[Stored records]
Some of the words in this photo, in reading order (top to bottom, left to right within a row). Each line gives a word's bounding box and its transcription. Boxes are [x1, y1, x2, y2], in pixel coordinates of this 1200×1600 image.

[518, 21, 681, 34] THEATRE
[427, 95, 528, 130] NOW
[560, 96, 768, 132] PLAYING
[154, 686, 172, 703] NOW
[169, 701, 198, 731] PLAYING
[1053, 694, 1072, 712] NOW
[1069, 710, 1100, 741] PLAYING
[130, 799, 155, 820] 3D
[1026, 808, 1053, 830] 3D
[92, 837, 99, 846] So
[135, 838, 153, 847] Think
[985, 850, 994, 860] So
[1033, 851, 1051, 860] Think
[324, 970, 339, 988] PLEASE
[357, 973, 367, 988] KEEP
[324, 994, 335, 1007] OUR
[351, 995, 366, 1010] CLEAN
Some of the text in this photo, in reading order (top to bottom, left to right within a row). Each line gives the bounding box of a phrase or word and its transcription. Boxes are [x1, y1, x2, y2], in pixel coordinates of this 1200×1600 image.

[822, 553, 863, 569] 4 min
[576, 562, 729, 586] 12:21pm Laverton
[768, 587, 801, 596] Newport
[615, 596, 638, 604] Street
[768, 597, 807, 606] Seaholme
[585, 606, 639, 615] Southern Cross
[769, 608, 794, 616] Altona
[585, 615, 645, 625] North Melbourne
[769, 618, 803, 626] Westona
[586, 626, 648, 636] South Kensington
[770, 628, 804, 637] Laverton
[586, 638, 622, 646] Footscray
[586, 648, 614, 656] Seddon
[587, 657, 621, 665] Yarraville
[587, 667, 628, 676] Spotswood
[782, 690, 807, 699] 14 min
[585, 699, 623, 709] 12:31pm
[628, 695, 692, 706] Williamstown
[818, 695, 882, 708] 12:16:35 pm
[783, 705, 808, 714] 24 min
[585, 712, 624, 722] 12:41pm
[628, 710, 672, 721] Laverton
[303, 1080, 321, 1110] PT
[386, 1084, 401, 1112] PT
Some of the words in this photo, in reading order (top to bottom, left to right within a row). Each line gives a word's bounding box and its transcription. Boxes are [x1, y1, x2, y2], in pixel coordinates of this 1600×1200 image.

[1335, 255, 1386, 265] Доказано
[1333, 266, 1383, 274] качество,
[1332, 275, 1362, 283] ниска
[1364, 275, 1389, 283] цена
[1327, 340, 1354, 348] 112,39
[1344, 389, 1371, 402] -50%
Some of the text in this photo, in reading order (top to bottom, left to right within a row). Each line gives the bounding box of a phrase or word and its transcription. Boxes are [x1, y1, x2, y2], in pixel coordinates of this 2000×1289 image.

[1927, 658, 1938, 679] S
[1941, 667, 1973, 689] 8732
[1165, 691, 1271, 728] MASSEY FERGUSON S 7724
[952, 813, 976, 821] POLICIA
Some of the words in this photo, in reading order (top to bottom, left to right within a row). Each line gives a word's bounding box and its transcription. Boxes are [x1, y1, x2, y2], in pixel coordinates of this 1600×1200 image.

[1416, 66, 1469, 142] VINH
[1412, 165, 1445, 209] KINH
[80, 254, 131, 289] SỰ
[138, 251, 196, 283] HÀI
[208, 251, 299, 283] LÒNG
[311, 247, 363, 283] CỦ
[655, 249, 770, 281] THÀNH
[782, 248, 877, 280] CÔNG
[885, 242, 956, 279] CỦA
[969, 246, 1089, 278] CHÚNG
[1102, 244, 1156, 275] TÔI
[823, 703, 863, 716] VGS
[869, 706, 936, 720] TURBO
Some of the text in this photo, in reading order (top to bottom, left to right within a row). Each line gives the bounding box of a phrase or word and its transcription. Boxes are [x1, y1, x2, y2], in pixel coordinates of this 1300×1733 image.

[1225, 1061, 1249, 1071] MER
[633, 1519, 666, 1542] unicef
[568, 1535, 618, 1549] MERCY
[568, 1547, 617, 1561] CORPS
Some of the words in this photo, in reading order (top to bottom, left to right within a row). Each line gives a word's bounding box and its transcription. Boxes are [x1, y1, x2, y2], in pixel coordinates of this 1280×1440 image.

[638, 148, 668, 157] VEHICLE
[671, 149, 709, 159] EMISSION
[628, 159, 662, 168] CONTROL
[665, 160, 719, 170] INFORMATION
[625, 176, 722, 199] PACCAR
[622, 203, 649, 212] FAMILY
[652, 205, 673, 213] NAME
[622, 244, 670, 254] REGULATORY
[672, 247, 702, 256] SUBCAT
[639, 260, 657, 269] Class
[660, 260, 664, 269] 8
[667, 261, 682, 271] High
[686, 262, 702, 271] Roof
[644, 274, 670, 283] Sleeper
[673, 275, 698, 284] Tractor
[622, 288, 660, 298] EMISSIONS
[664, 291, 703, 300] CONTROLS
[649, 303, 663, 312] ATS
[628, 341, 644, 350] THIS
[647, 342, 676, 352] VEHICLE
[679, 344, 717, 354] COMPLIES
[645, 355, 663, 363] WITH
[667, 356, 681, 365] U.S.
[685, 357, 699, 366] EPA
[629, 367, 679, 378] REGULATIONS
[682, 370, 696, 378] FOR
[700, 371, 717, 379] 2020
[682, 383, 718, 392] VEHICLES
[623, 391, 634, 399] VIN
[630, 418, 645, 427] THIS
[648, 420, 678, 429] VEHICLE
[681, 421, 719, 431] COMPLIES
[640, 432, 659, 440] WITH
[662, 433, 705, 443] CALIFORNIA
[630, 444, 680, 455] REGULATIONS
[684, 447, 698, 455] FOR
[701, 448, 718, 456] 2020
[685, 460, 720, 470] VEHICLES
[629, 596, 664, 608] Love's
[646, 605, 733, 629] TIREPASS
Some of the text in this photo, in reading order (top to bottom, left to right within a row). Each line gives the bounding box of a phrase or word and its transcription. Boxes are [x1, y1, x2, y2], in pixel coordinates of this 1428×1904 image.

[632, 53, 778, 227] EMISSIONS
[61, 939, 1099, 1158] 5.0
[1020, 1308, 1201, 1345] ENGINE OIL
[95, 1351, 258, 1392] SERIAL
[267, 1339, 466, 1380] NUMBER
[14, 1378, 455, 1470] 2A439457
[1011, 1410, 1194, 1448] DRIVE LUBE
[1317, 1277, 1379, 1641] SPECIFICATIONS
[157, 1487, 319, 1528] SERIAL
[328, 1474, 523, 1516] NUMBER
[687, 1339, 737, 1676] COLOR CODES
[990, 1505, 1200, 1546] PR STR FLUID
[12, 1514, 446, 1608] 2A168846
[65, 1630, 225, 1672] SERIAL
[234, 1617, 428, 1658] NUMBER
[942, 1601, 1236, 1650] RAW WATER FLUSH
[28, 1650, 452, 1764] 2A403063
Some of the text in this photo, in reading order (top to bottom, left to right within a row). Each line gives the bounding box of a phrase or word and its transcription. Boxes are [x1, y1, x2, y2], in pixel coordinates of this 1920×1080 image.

**Work to complete**
All of the data should be retyped exactly.

**Answer for the task**
Some of the words in this photo, in reading order (top to bottom, left to right within a row). Each line gives a word's bounding box and its transcription. Boxes are [x1, y1, x2, y2], in pixel coordinates of this 1200×1600 image.

[518, 21, 681, 34] THEATRE
[427, 95, 528, 130] NOW
[560, 96, 768, 132] PLAYING
[154, 686, 172, 703] NOW
[169, 701, 198, 731] PLAYING
[1053, 694, 1072, 712] NOW
[1069, 710, 1100, 741] PLAYING
[130, 799, 155, 820] 3D
[1026, 808, 1053, 830] 3D
[92, 837, 99, 846] So
[135, 838, 153, 847] Think
[985, 850, 994, 860] So
[1033, 851, 1051, 860] Think
[324, 970, 339, 988] PLEASE
[357, 973, 367, 988] KEEP
[324, 994, 335, 1007] OUR
[351, 995, 366, 1010] CLEAN
Some of the text in this photo, in reading order (top to bottom, left to right within a row). Each line gives the bounding box of a phrase or word and its transcription. Boxes are [x1, y1, x2, y2], in pixel coordinates of this 1200×1600 image.

[822, 553, 863, 569] 4 min
[576, 562, 729, 586] 12:21pm Laverton
[768, 587, 801, 596] Newport
[615, 596, 638, 604] Street
[768, 597, 807, 606] Seaholme
[585, 606, 639, 615] Southern Cross
[769, 608, 794, 616] Altona
[585, 615, 645, 625] North Melbourne
[769, 618, 803, 626] Westona
[586, 626, 648, 636] South Kensington
[770, 628, 804, 637] Laverton
[586, 638, 622, 646] Footscray
[586, 648, 614, 656] Seddon
[587, 657, 621, 665] Yarraville
[587, 667, 628, 676] Spotswood
[782, 690, 807, 699] 14 min
[585, 699, 623, 709] 12:31pm
[628, 695, 692, 706] Williamstown
[818, 695, 882, 708] 12:16:35 pm
[783, 705, 808, 714] 24 min
[585, 712, 624, 722] 12:41pm
[628, 710, 672, 721] Laverton
[303, 1080, 321, 1110] PT
[386, 1084, 401, 1112] PT
Some of the words in this photo, in reading order (top to bottom, left to right within a row). Each line gives a word's bounding box and its transcription. Boxes are [x1, y1, x2, y2], in pixel coordinates of this 1600×1200 image.

[1335, 255, 1386, 265] Доказано
[1333, 266, 1383, 274] качество,
[1332, 275, 1362, 283] ниска
[1364, 275, 1389, 283] цена
[1327, 340, 1354, 348] 112,39
[1344, 389, 1371, 402] -50%
Some of the text in this photo, in reading order (top to bottom, left to right within a row). Each line gives the bounding box of a phrase or word and its transcription. Boxes are [x1, y1, x2, y2], in pixel coordinates of this 2000×1289 image.

[1927, 658, 1938, 679] S
[1941, 667, 1973, 689] 8732
[1165, 691, 1271, 728] MASSEY FERGUSON S 7724
[952, 813, 976, 821] POLICIA
Some of the words in this photo, in reading order (top to bottom, left to right within a row). Each line gives a word's bounding box and its transcription. Boxes are [x1, y1, x2, y2], in pixel coordinates of this 1600×1200 image.

[1416, 66, 1469, 142] VINH
[1412, 165, 1445, 209] KINH
[80, 254, 131, 289] SỰ
[138, 251, 196, 283] HÀI
[208, 251, 299, 283] LÒNG
[311, 247, 363, 283] CỦ
[655, 249, 770, 281] THÀNH
[782, 248, 877, 280] CÔNG
[885, 242, 956, 279] CỦA
[969, 246, 1089, 278] CHÚNG
[1102, 244, 1156, 275] TÔI
[823, 703, 863, 716] VGS
[869, 706, 936, 720] TURBO
Some of the text in this photo, in reading order (top to bottom, left to right within a row). Each line gives the bounding box of a phrase or word and its transcription. Boxes are [x1, y1, x2, y2], in pixel coordinates of this 1300×1733 image.

[1225, 1061, 1249, 1071] MER
[633, 1519, 666, 1542] unicef
[568, 1535, 618, 1549] MERCY
[568, 1547, 617, 1561] CORPS
Some of the words in this photo, in reading order (top to bottom, left to right within a row). Each line gives a word's bounding box and its transcription. Boxes are [x1, y1, x2, y2], in pixel coordinates of this 1280×1440 image.

[638, 148, 668, 157] VEHICLE
[671, 149, 709, 159] EMISSION
[628, 159, 662, 168] CONTROL
[665, 160, 719, 170] INFORMATION
[625, 176, 722, 199] PACCAR
[622, 203, 649, 212] FAMILY
[652, 205, 673, 213] NAME
[622, 244, 670, 254] REGULATORY
[672, 247, 702, 256] SUBCAT
[639, 260, 657, 269] Class
[660, 260, 664, 269] 8
[667, 261, 682, 271] High
[686, 262, 702, 271] Roof
[644, 274, 670, 283] Sleeper
[673, 275, 698, 284] Tractor
[622, 288, 660, 298] EMISSIONS
[664, 291, 703, 300] CONTROLS
[649, 303, 663, 312] ATS
[628, 341, 644, 350] THIS
[647, 342, 676, 352] VEHICLE
[679, 344, 717, 354] COMPLIES
[645, 355, 663, 363] WITH
[667, 356, 681, 365] U.S.
[685, 357, 699, 366] EPA
[629, 367, 679, 378] REGULATIONS
[682, 370, 696, 378] FOR
[700, 371, 717, 379] 2020
[682, 383, 718, 392] VEHICLES
[623, 391, 634, 399] VIN
[630, 418, 645, 427] THIS
[648, 420, 678, 429] VEHICLE
[681, 421, 719, 431] COMPLIES
[640, 432, 659, 440] WITH
[662, 433, 705, 443] CALIFORNIA
[630, 444, 680, 455] REGULATIONS
[684, 447, 698, 455] FOR
[701, 448, 718, 456] 2020
[685, 460, 720, 470] VEHICLES
[629, 596, 664, 608] Love's
[646, 605, 733, 629] TIREPASS
Some of the text in this photo, in reading order (top to bottom, left to right within a row). Each line gives the bounding box of a phrase or word and its transcription. Boxes are [x1, y1, x2, y2], in pixel coordinates of this 1428×1904 image.

[632, 53, 778, 227] EMISSIONS
[61, 939, 1099, 1158] 5.0
[1020, 1308, 1201, 1345] ENGINE OIL
[95, 1351, 258, 1392] SERIAL
[267, 1339, 466, 1380] NUMBER
[14, 1378, 455, 1470] 2A439457
[1011, 1410, 1194, 1448] DRIVE LUBE
[1317, 1277, 1379, 1641] SPECIFICATIONS
[157, 1487, 319, 1528] SERIAL
[328, 1474, 523, 1516] NUMBER
[687, 1339, 737, 1676] COLOR CODES
[990, 1505, 1200, 1546] PR STR FLUID
[12, 1514, 446, 1608] 2A168846
[65, 1630, 225, 1672] SERIAL
[234, 1617, 428, 1658] NUMBER
[942, 1601, 1236, 1650] RAW WATER FLUSH
[28, 1650, 452, 1764] 2A403063
Some of the text in this photo, in reading order (top to bottom, left to right within a row). Each line gives the bounding box of a phrase or word and its transcription. Boxes are [x1, y1, x2, y2], in pixel coordinates of this 1920×1080 image.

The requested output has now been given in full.